42.5 Oracle ADF Business Componentビジネス・イベントをOracle Mediatorに統合する方法

この項では、Oracle ADF Business Componentイベント条件をSOAコンポーネントに統合する方法に関する高レベルな概要が提供されます。SOAコンポーネントには、Oracle Mediatorサービス・コンポーネントとBPELプロセス・サービス・コンポーネントが含まれています。

Oracle ADF Business Componentのビジネス・イベントをSOAコンポーネントに統合する手順は、次のとおりです。

  1. ビジネス・コンポーネント・プロジェクトを作成します。
  2. ビジネス・イベント定義をプロジェクトに追加します。このアクションにより、EDLファイルおよびXSDファイルが生成されます。XSDファイルにはペイロードの定義が含まれます。また、作成時には、Oracle ADF Business Componentによってイベントが発生するように必ず指定します。

    Oracle ADF Business Componentのビジネス・イベントの作成および公開の詳細は、『Oracle Application Development FrameworkによるFusion Webアプリケーションの開発』を参照してください。

  3. SOAコンポジット・アプリケーションを作成し、EDLスキーマ・ファイルとXSDスキーマ・ファイルをSOAプロジェクトのルート・ディレクトリに手動でコピーします。

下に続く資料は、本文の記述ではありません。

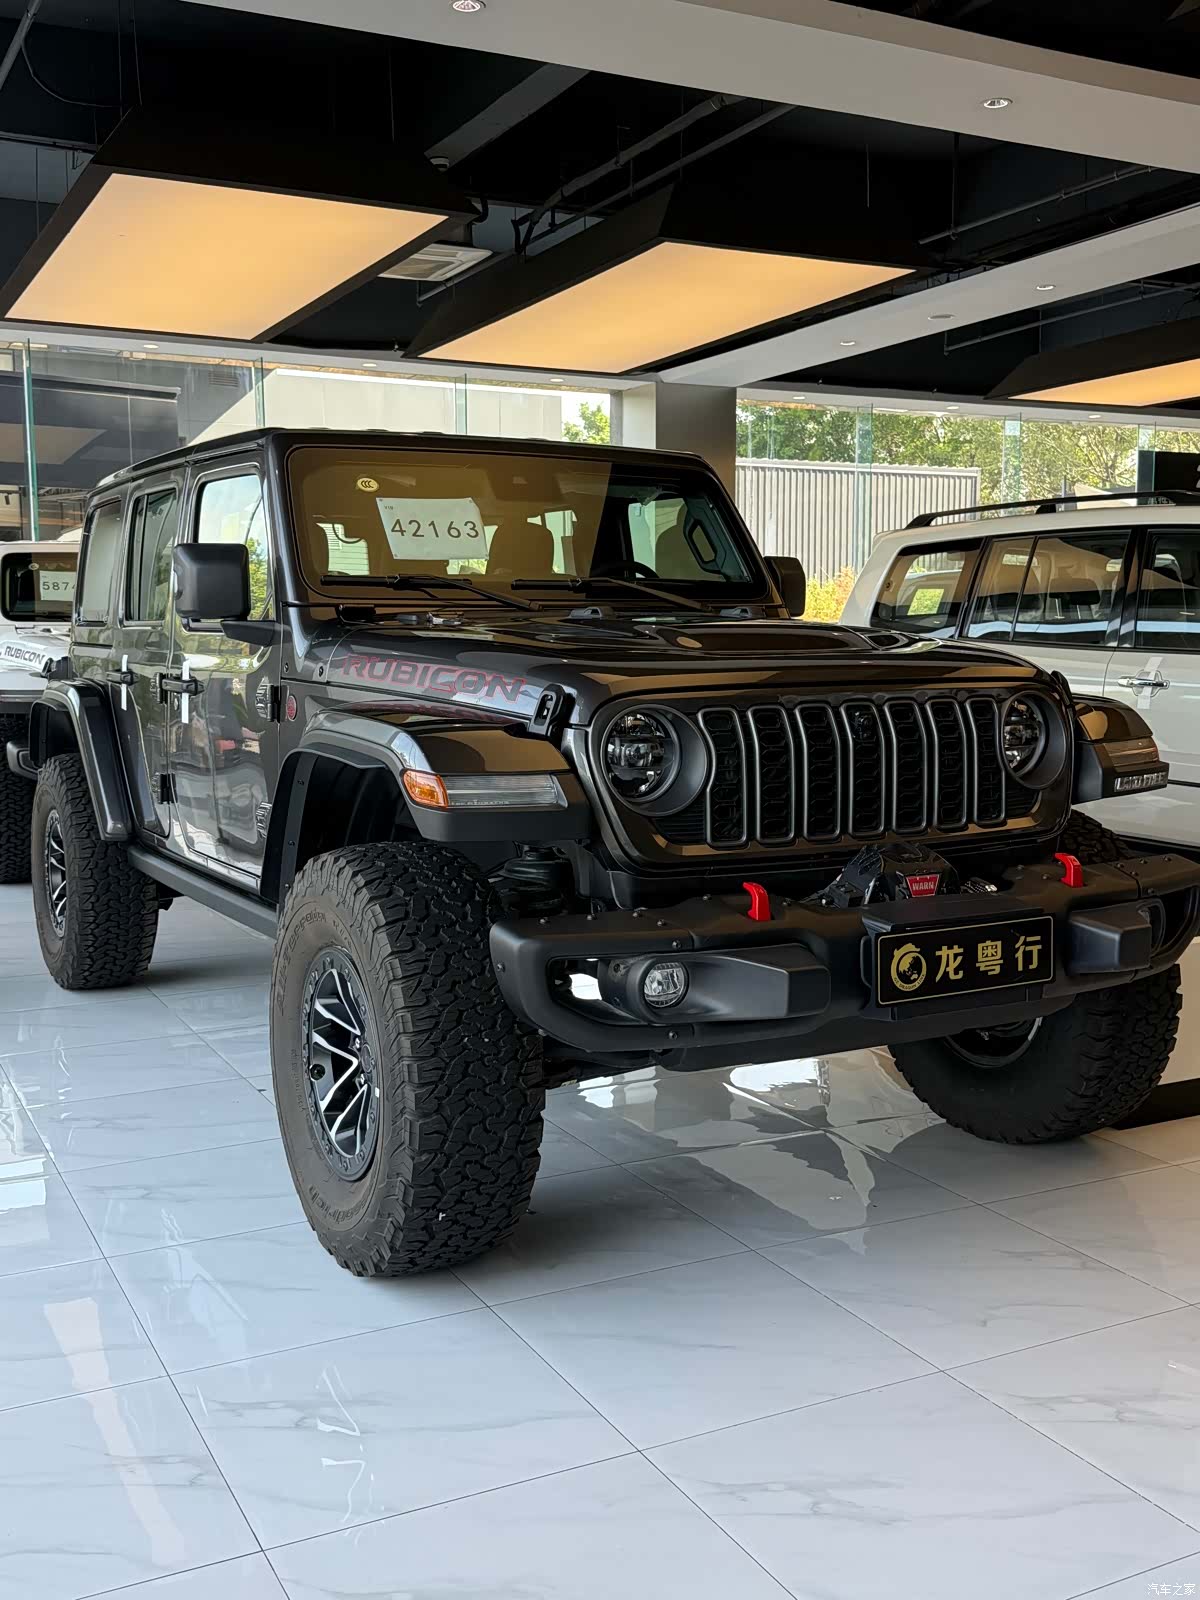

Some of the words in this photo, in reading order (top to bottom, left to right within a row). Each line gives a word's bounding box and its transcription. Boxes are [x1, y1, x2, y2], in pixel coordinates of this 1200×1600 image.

[391, 518, 479, 539] 42163
[4, 645, 45, 665] RUBICON
[341, 653, 527, 704] RUBICON
[912, 881, 935, 891] WARN
[935, 935, 1042, 983] 龙粤行

次に例を示します。
    JDeveloper/mywork/SOA_application_name/SOA_project_name
    
  4. スキーマ・ファイルを、インポートに基づいて、EDLファイルからの適切な相対位置に格納します。
  5. 「ビジネス・イベントをサブスクライブする方法」の説明に従って、Oracle Mediatorサービス・コンポーネントを作成します。
  6. 「ビジネス・イベントをサブスクライブする方法」の説明に従って、「イベント・チューザ」ウィンドウでイベントのEDLファイルを選択します。
  7. Oracle Mediatorを起動するために、同じSOAコンポジット・アプリケーション内にBPELプロセス・サービス・コンポーネントを作成します。手順2で作成したBusiness Componentビジネス・イベントXSDのペイロードを選択していることを確認します。
  8. BPELプロセス・サービス・コンポーネントをダブルクリックします。
  9. emailアクティビティをBPELプロセス・サービス・コンポーネントにドラッグします。
  10. ビジネス・イベントXSDのペイロードを参照して、「件名」フィールドおよび「本文」フィールドに入力します。
  11. Oracle Mediatorサービス・コンポーネントに戻ります。
  12. BPELプロセス・サービス・コンポーネントまたは2番目のOracle Mediatorサービス・コンポーネントのように、イベントを公開する2番目のサービス・コンポーネントを設計します。

    これで、SOAコンポジット・アプリケーションの設計は完了です。